3×3 Occhi è l’opera a cui Yuzo Takada ha lavorato dal 1987 al 2002, dividendola in quattro serie. Sebbene la narrazione sia lineare si preferisce usare questa divisione anche per le differenze di stile, disegno e temi trattati. 3×3 Occhi è a momenti seinen, in altri shonen, a volte horror, action…in altri momenti è un manga umoristico, dai toni ecchi con dinamiche harem, e nelle sue parti più belle un manga in cui Takada ci parla della sua visione dell’essere umano, della felicità, dell’amicizia e dell’amore per come vengono visti e vissuti da coloro che aspirano ad esseri umani. Nella prima serie (volumi 1-2) Yakumo Fuji, un ragazzo di sedici anni abbandonato dalla madre e con il padre sempre in viaggio per lo sconfinato Tibet, vive la sua vita diviso tra scuola, gite col motorino e il suo lavoro part-time in un locale per travestiti (Yakumo sembra essere un nome a sua volta ambiguo, adatto a maschi e femmine). Un giorno una misteriosa ragazzina che parla solo cinese, sporca e trasandata, gli porta il teschio e la lettera con le ultime volontà di suo padre: questi vuole che aiuti Pai (la ragazzina), ultimo membro del misterioso popolo dei Sanzhiyan Hum Kara a diventare umana. I Sanzhiyan, chiamati anche Triclopi, sono una razza antichissima che secondo le leggende era in possesso del dono dell’immortalità ed eterna giovinezza, ma che a un certo punto della loro esistenza possono desiderare la mortalità…come questo sia possibile rimane però un mistero, essendo Pai l’ultima della sua genia. Tuttavia il giorno del loro incontro un demone al servizio di Pai, Takuhi, viene liberato e inizia a terrorizzare Tokyo: nell’aiutare Pai a fermarlo Yakumo viene mortalmente ferito, ed è in quel momento che il Terzo Occhio mangia l’anima del povero ragazzo, trasformandolo in un Wu, uno schiavo immortale e indistruttibile, vincolando per sempre la loro esistenza.

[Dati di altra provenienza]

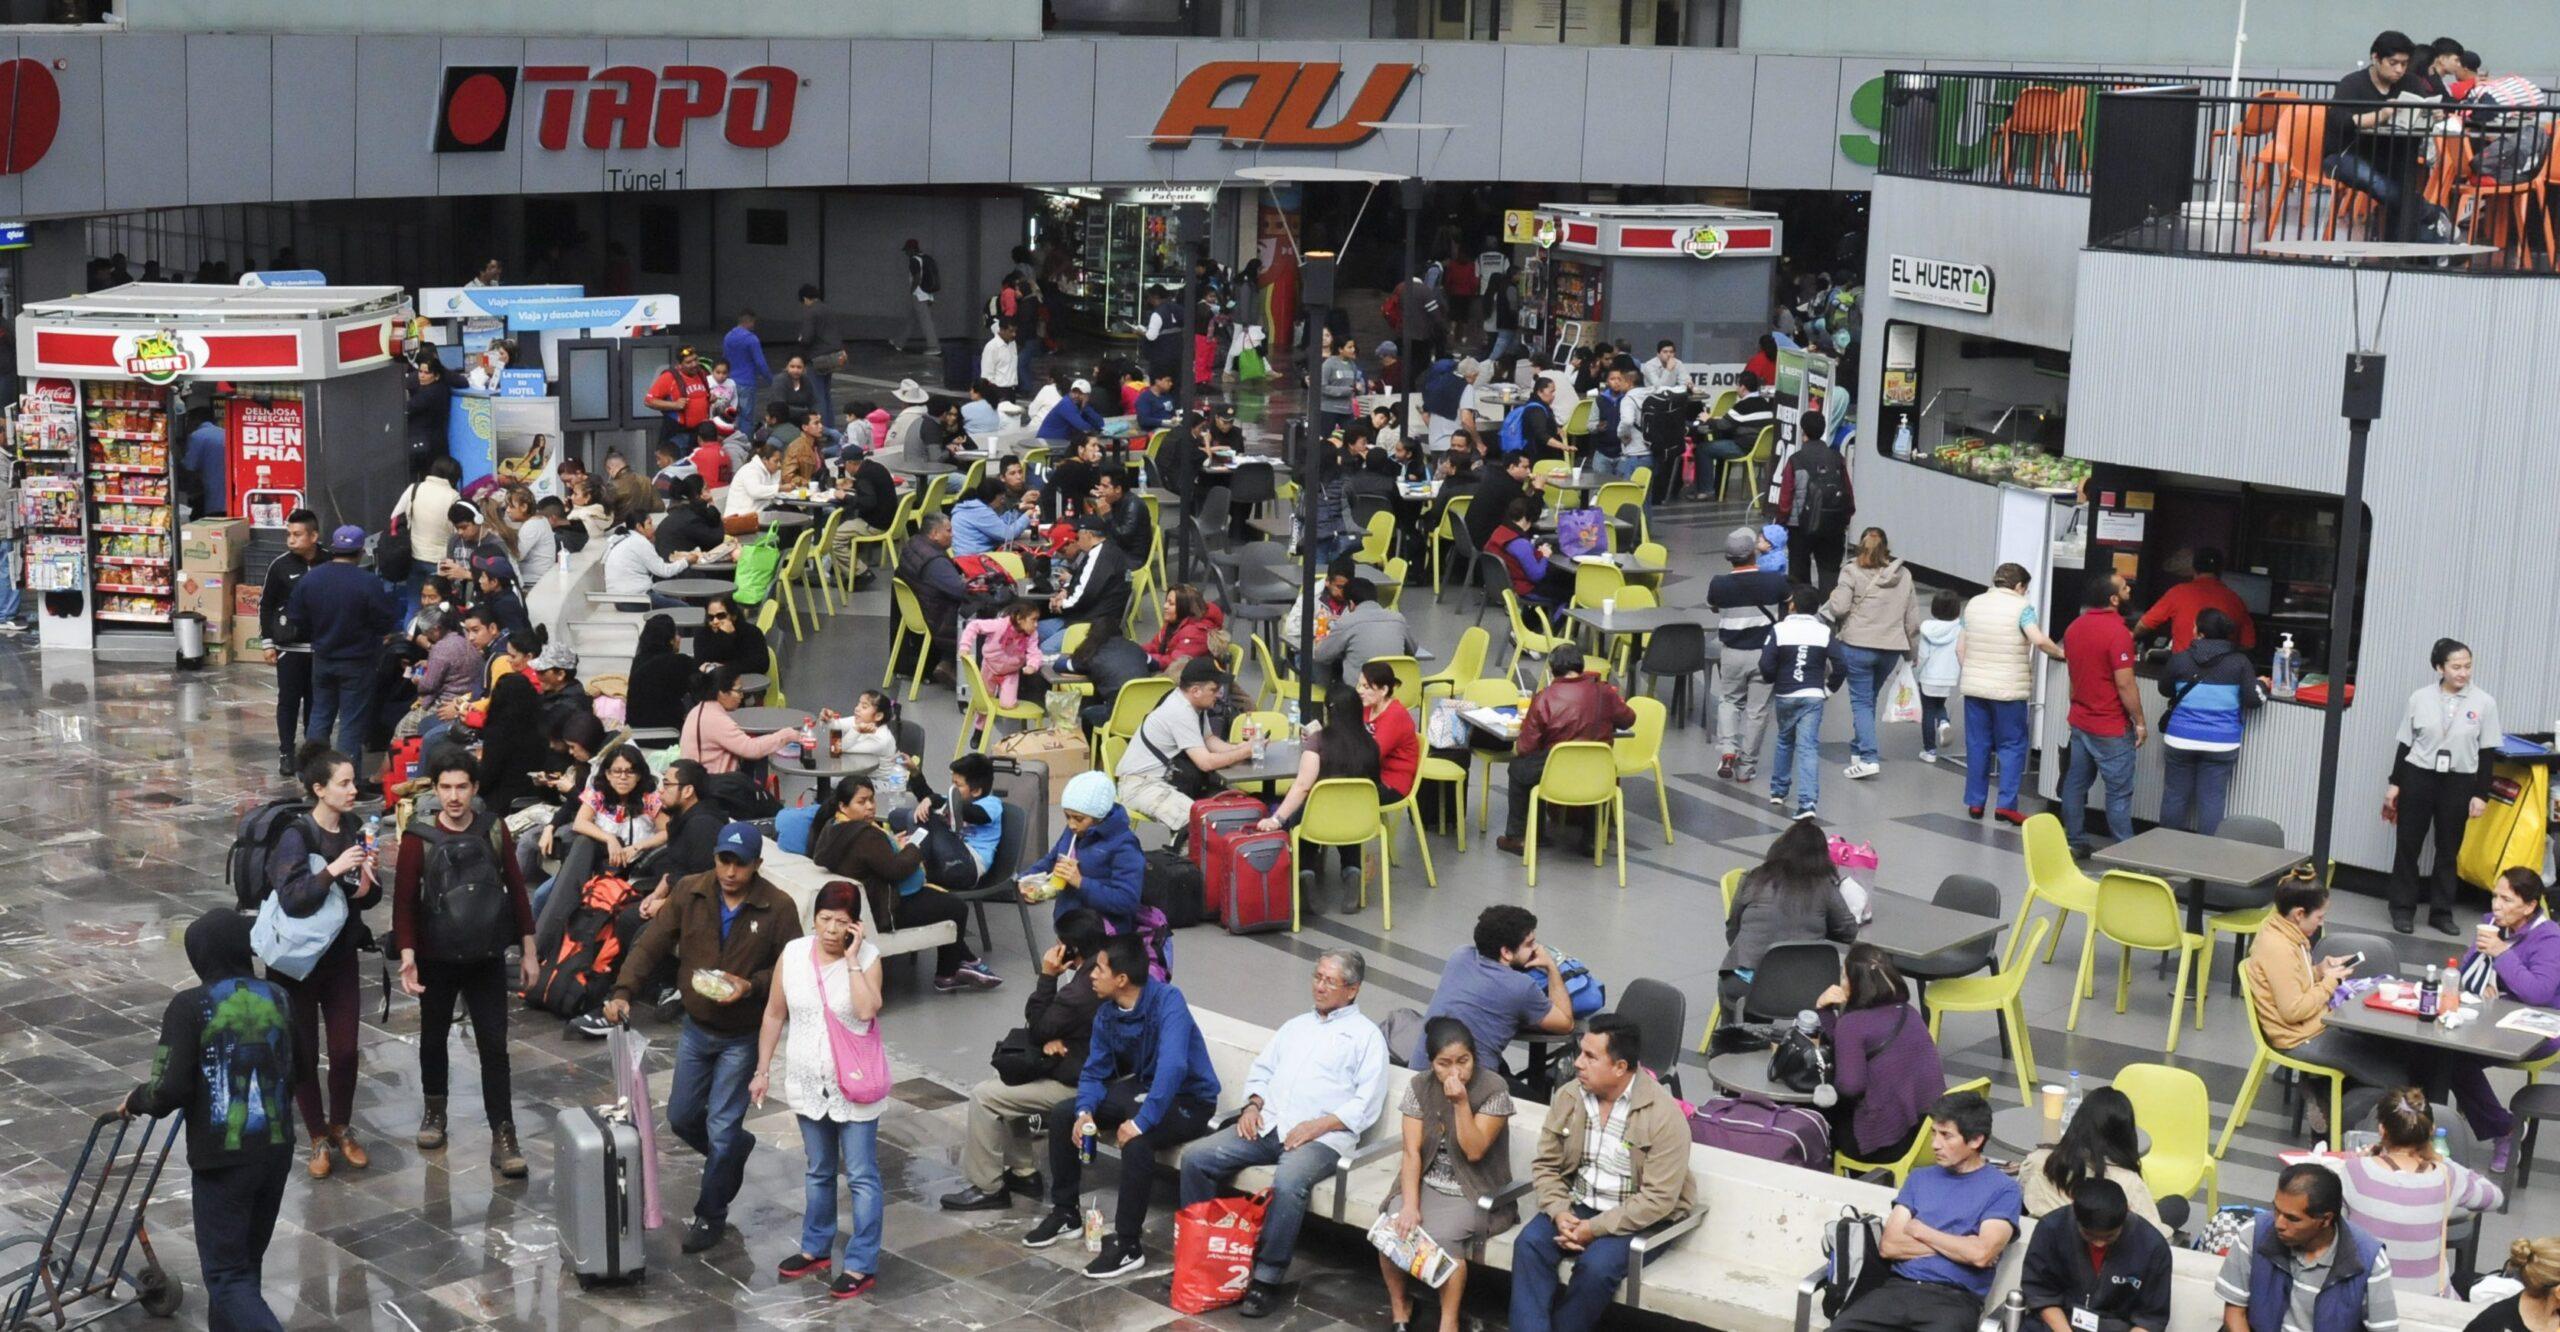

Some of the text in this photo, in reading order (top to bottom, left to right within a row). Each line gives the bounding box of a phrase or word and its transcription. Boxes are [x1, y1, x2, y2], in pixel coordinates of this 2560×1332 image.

Vivere per sempre, innamorarsi ed affrontare pericoli indicibili, vedere posti di cui nemmeno si conosceva l’esistenza ed affrontare il più terribili dei nemici possibili, Benares (da sempre al podio più alto dei miei cattivi manga), il Dio Drago, anche egli Wu; scopriamo quindi subito che Pai non è realmente l’ultima… Yakumo verrà trascinato in questo mondo contro la sua volontà, e non potrà neppure evitarlo, poichè la risposta al Rito di Umanizzazione è un segreto che giace proprio oltre il punto di non ritorno… ed è così che le loro (dis-)avventure hanno inizio, mai fermi nello stesso posto per più di venti pagine, sempre in azione, alla ricerca di risposte (è un manga in cui parlano tantissimo). La spettacolare seconda serie (volume 3-5) dal tono archeologico e avventuroso presenta al pubblico il mondo e la cultura dei Triclopi; la terza serie (volumi 6-12) ci presenta invece con episodi autoconclusivi spaccati della vita di Yakumo come acchiappamostri di una rivista giornalistica di Honk Hong, per poi lentamente ingranare verso il plot principale e rivelarci il terribile segreto del Rito di Umanizzazione. Ma le prime tre serie sono un’immensa introduzione, come se Takada volesse darci le informazioni per comprendere la parte centrale della sua opera: Legend of Trinetra (volumi 13-40) è la quarta serie, in cui la vera battaglia tra Yakumo e Benares comincia (essere immortale è ben poca cosa se non si ha sufficiente forza di abbattare i propri nemici, e Yakumo inizierà a poter anche solo pensare di fare un graffio a Benares dopo una ventina di volumi…).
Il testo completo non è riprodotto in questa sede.